- Free-text object descriptions:
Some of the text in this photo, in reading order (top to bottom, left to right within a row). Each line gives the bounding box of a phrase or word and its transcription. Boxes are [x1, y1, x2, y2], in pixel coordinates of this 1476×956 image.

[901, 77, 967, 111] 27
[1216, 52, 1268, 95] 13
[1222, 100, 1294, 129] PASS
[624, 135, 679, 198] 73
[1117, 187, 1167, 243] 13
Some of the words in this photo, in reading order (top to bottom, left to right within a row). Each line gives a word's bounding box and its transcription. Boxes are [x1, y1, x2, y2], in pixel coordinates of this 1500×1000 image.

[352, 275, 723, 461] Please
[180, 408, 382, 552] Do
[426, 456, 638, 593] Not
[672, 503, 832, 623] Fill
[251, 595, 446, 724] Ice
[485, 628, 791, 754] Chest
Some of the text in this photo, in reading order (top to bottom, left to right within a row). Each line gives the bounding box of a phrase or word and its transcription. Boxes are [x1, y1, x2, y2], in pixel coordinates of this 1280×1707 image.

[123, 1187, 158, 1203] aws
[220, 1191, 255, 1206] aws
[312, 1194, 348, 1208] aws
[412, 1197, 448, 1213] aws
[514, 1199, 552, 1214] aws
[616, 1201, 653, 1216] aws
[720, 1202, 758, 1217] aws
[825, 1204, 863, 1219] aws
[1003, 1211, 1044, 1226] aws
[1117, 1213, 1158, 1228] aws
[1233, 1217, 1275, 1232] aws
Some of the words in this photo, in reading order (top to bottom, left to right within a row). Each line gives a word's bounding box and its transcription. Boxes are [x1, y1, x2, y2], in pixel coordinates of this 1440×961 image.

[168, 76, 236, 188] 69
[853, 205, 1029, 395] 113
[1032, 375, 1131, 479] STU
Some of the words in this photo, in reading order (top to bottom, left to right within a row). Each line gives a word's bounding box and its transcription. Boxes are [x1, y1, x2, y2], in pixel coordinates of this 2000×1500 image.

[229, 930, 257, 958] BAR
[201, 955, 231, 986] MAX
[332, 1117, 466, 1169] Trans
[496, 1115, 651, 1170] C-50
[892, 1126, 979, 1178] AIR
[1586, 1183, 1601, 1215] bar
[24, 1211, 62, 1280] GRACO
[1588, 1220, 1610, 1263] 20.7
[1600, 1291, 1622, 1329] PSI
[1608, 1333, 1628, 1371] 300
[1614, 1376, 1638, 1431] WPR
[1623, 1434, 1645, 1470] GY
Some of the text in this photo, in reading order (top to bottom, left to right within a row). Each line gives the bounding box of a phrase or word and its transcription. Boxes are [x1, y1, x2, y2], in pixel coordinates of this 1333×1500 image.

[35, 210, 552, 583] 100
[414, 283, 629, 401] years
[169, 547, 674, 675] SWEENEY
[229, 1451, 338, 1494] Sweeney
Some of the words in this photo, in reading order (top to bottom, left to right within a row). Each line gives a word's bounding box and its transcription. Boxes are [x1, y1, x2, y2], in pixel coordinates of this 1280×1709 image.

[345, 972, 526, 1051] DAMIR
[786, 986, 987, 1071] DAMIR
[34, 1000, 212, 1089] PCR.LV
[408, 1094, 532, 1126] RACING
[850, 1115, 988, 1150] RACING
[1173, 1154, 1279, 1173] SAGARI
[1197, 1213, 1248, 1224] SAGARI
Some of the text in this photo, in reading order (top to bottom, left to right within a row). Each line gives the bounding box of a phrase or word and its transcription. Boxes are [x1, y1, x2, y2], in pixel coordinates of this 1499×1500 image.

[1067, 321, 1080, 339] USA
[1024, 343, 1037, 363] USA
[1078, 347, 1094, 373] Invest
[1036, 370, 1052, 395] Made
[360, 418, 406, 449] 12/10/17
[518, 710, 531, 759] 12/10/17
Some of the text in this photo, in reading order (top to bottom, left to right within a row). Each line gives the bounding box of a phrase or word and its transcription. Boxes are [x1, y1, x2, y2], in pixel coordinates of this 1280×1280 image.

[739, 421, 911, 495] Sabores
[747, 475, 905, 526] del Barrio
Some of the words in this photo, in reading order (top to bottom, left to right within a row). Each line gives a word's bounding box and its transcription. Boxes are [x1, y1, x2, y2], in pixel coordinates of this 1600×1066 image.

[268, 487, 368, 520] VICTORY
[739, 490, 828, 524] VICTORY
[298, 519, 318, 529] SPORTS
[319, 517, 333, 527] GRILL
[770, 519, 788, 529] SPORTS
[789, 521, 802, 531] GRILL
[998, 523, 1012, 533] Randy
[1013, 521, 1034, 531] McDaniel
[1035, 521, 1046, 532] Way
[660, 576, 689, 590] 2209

- PROBLEM TO SOLVE: Would you print all of the records exactly as they were given?

- ANSWER SPACE:
Some of the text in this photo, in reading order (top to bottom, left to right within a row). Each line gives the bounding box of a phrase or word and its transcription. Boxes are [x1, y1, x2, y2], in pixel coordinates of this 1476×956 image.

[901, 77, 967, 111] 27
[1216, 52, 1268, 95] 13
[1222, 100, 1294, 129] PASS
[624, 135, 679, 198] 73
[1117, 187, 1167, 243] 13
Some of the words in this photo, in reading order (top to bottom, left to right within a row). Each line gives a word's bounding box and its transcription. Boxes are [x1, y1, x2, y2], in pixel coordinates of this 1500×1000 image.

[352, 275, 723, 461] Please
[180, 408, 382, 552] Do
[426, 456, 638, 593] Not
[672, 503, 832, 623] Fill
[251, 595, 446, 724] Ice
[485, 628, 791, 754] Chest
Some of the text in this photo, in reading order (top to bottom, left to right within a row). Each line gives the bounding box of a phrase or word and its transcription. Boxes are [x1, y1, x2, y2], in pixel coordinates of this 1280×1707 image.

[123, 1187, 158, 1203] aws
[220, 1191, 255, 1206] aws
[312, 1194, 348, 1208] aws
[412, 1197, 448, 1213] aws
[514, 1199, 552, 1214] aws
[616, 1201, 653, 1216] aws
[720, 1202, 758, 1217] aws
[825, 1204, 863, 1219] aws
[1003, 1211, 1044, 1226] aws
[1117, 1213, 1158, 1228] aws
[1233, 1217, 1275, 1232] aws
Some of the words in this photo, in reading order (top to bottom, left to right within a row). Each line gives a word's bounding box and its transcription. Boxes are [x1, y1, x2, y2], in pixel coordinates of this 1440×961 image.

[168, 76, 236, 188] 69
[853, 205, 1029, 395] 113
[1032, 375, 1131, 479] STU
Some of the words in this photo, in reading order (top to bottom, left to right within a row). Each line gives a word's bounding box and its transcription. Boxes are [x1, y1, x2, y2], in pixel coordinates of this 2000×1500 image.

[229, 930, 257, 958] BAR
[201, 955, 231, 986] MAX
[332, 1117, 466, 1169] Trans
[496, 1115, 651, 1170] C-50
[892, 1126, 979, 1178] AIR
[1586, 1183, 1601, 1215] bar
[24, 1211, 62, 1280] GRACO
[1588, 1220, 1610, 1263] 20.7
[1600, 1291, 1622, 1329] PSI
[1608, 1333, 1628, 1371] 300
[1614, 1376, 1638, 1431] WPR
[1623, 1434, 1645, 1470] GY
Some of the text in this photo, in reading order (top to bottom, left to right within a row). Each line gives the bounding box of a phrase or word and its transcription. Boxes are [x1, y1, x2, y2], in pixel coordinates of this 1333×1500 image.

[35, 210, 552, 583] 100
[414, 283, 629, 401] years
[169, 547, 674, 675] SWEENEY
[229, 1451, 338, 1494] Sweeney
Some of the words in this photo, in reading order (top to bottom, left to right within a row). Each line gives a word's bounding box and its transcription. Boxes are [x1, y1, x2, y2], in pixel coordinates of this 1280×1709 image.

[345, 972, 526, 1051] DAMIR
[786, 986, 987, 1071] DAMIR
[34, 1000, 212, 1089] PCR.LV
[408, 1094, 532, 1126] RACING
[850, 1115, 988, 1150] RACING
[1173, 1154, 1279, 1173] SAGARI
[1197, 1213, 1248, 1224] SAGARI
Some of the text in this photo, in reading order (top to bottom, left to right within a row). Each line gives the bounding box of a phrase or word and its transcription. Boxes are [x1, y1, x2, y2], in pixel coordinates of this 1499×1500 image.

[1067, 321, 1080, 339] USA
[1024, 343, 1037, 363] USA
[1078, 347, 1094, 373] Invest
[1036, 370, 1052, 395] Made
[360, 418, 406, 449] 12/10/17
[518, 710, 531, 759] 12/10/17
Some of the text in this photo, in reading order (top to bottom, left to right within a row). Each line gives the bounding box of a phrase or word and its transcription. Boxes are [x1, y1, x2, y2], in pixel coordinates of this 1280×1280 image.

[739, 421, 911, 495] Sabores
[747, 475, 905, 526] del Barrio
Some of the words in this photo, in reading order (top to bottom, left to right within a row). Each line gives a word's bounding box and its transcription. Boxes are [x1, y1, x2, y2], in pixel coordinates of this 1600×1066 image.

[268, 487, 368, 520] VICTORY
[739, 490, 828, 524] VICTORY
[298, 519, 318, 529] SPORTS
[319, 517, 333, 527] GRILL
[770, 519, 788, 529] SPORTS
[789, 521, 802, 531] GRILL
[998, 523, 1012, 533] Randy
[1013, 521, 1034, 531] McDaniel
[1035, 521, 1046, 532] Way
[660, 576, 689, 590] 2209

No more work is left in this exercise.